Truth to be told, it actually let me get used to the controls. The controls that threw me off and stopped me from playing the Tomb Raider games in the past. So, this brings me to one annoying thing in this game. The menu to configure your controls. While it works fine, it doesn’t recognize azerty keyboard lay-outs. It isn’t the biggest issue though, it’s that you can barely “read” the menu. It’s quite hard to actually make out what key does what unless you take out a ruler and put it on the screen. It’s a nitpick I know, but it’s rather annoying. … Oh, I actually lied. There is an even bigger issue. You can bind one key to more then one action.

The controls are responsive yet they are outdated. Playing old games like this really proves to me how hard wired my mind is in using the controls in a game now-a-days. Yet, after you get used to it, you will be able to pull off some nice moves. Yet, there are two major issues I have with the controls… and that is how picky the game can be of your location to be able to pick up an item or pull a lever. The second issue I have is how awkward the controls are for swinging on a rope. At least to me. Maybe I’m too used to the control scheme Indiana Jones and the Infernal Machine used.

 Gameplay

scenery1I think it would be unfair to judge the game on graphics and animation, in a way. They are quite outdated and on modern systems they then to glitch out a bit. Yet, I don’t think it’s an issue. The presentation brings an amazing atmosphere. It really feels you are exploring a tomb.
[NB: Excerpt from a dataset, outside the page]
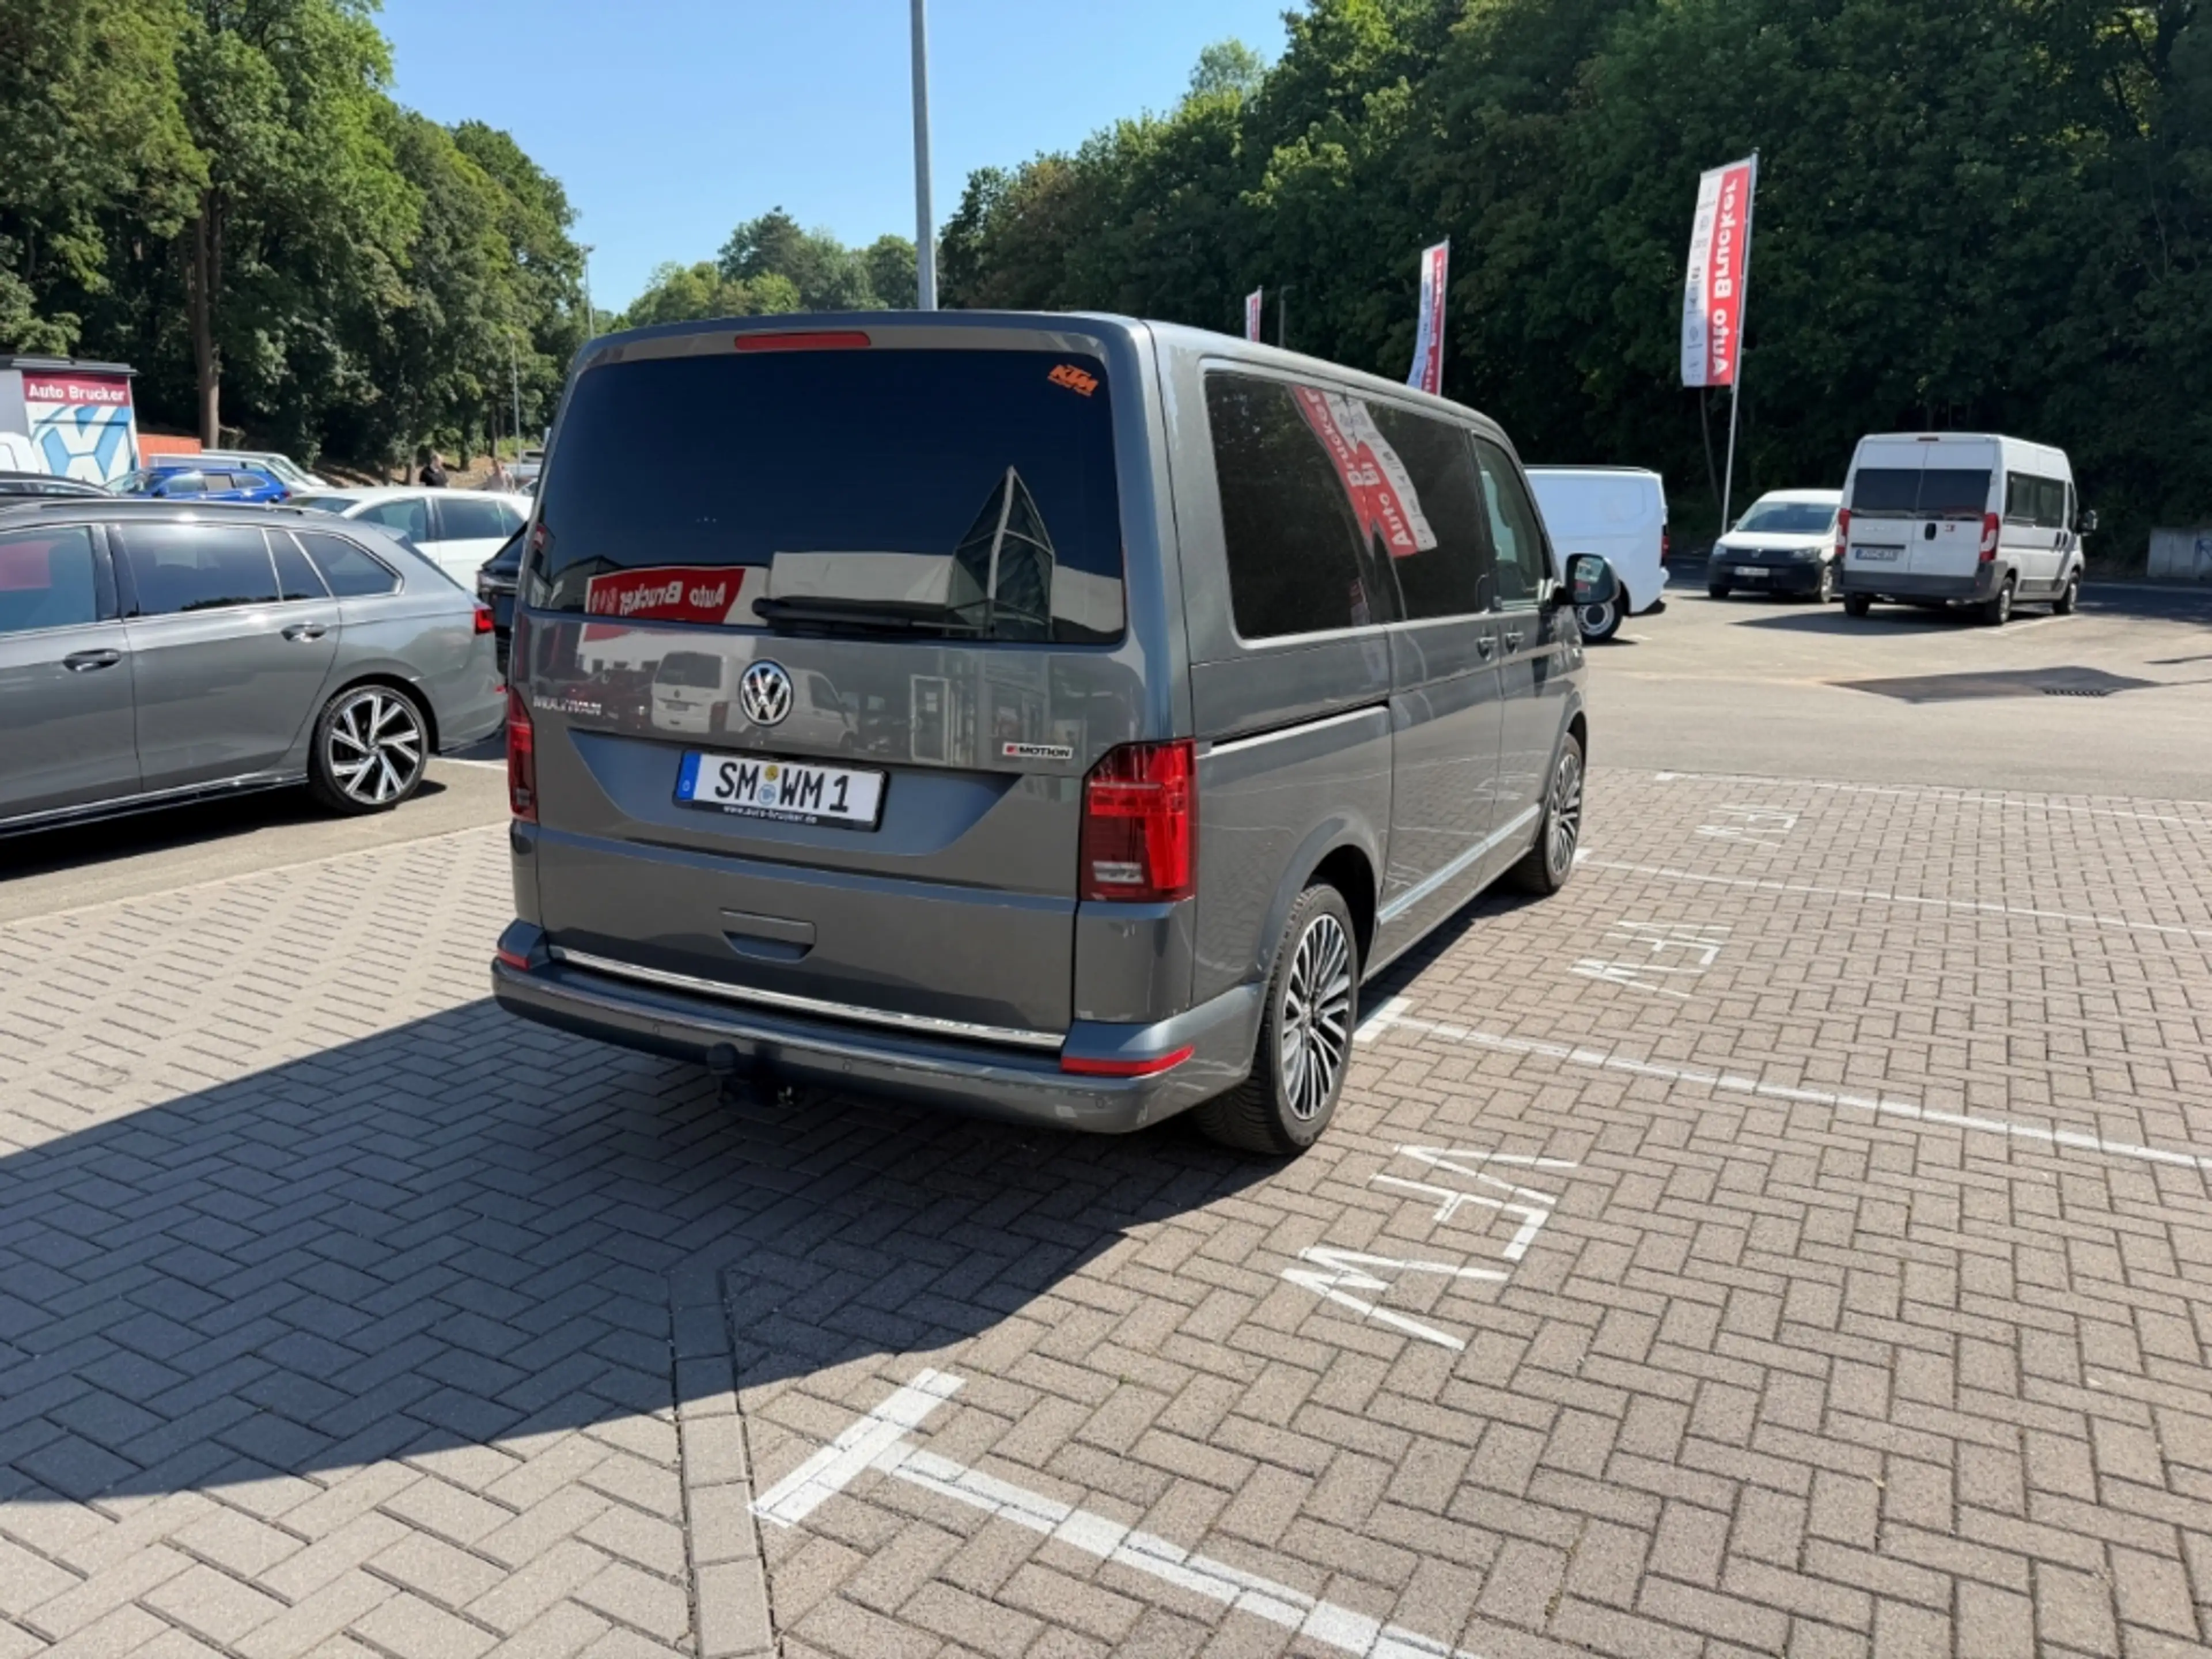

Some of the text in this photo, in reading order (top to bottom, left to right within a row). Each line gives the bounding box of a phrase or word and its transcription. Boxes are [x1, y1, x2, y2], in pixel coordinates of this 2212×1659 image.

After the tutorial level, there is little to no explanation on what to do. Thankfully, after you solved a puzzle, a small cutscene plays showing you the general direction you need to go in.

It actually blows my mind how well designed this game is. You can explore around and find hidden areas and I rarely got the feeling of being lost. While I was thinking about what I wanted to talk about in this article, I wanted to mention the lack of an ingame map… Actually, it isn’t an issue. Since it helps to build the feeling that you are exploring a location nobody has visited for quite some time.

So, let’s talk about the music. This is actually difficult for me since I feel that the soundtrack of later games are better then the old soundtracks. Before you write angry comments trying to explain to me what is wrong with my opinion here, let me explain. What I mean is that the more action packed soundtrack fits the atmosphere more then the more calm, bit creepy soundtrack of the old school games.

Actually, I like the soundtrack of this game. From what I have heard, it adds to the creepy atmosphere you would get when you are really exploring tombs. It fits more to the style of the old school Tomb Raider games.

In any case, I think I’m going to wrap up this article for now. I know that I talked a bit too much about the controls in this game. If you didn’t get the clue, I’m quite enjoying this game. If I finish it, I’ll surely write a review article about it. I wanted to focus in this article more on the issues I have now-a-days with the controls and why they actually made me stop playing Tomb Raider as a kid. I think I should return on that topic.

Thanks for reading and I hope you enjoyed reading this article. I wish you an amazing day and I hope to meet you another time. Take care, NekoJonez.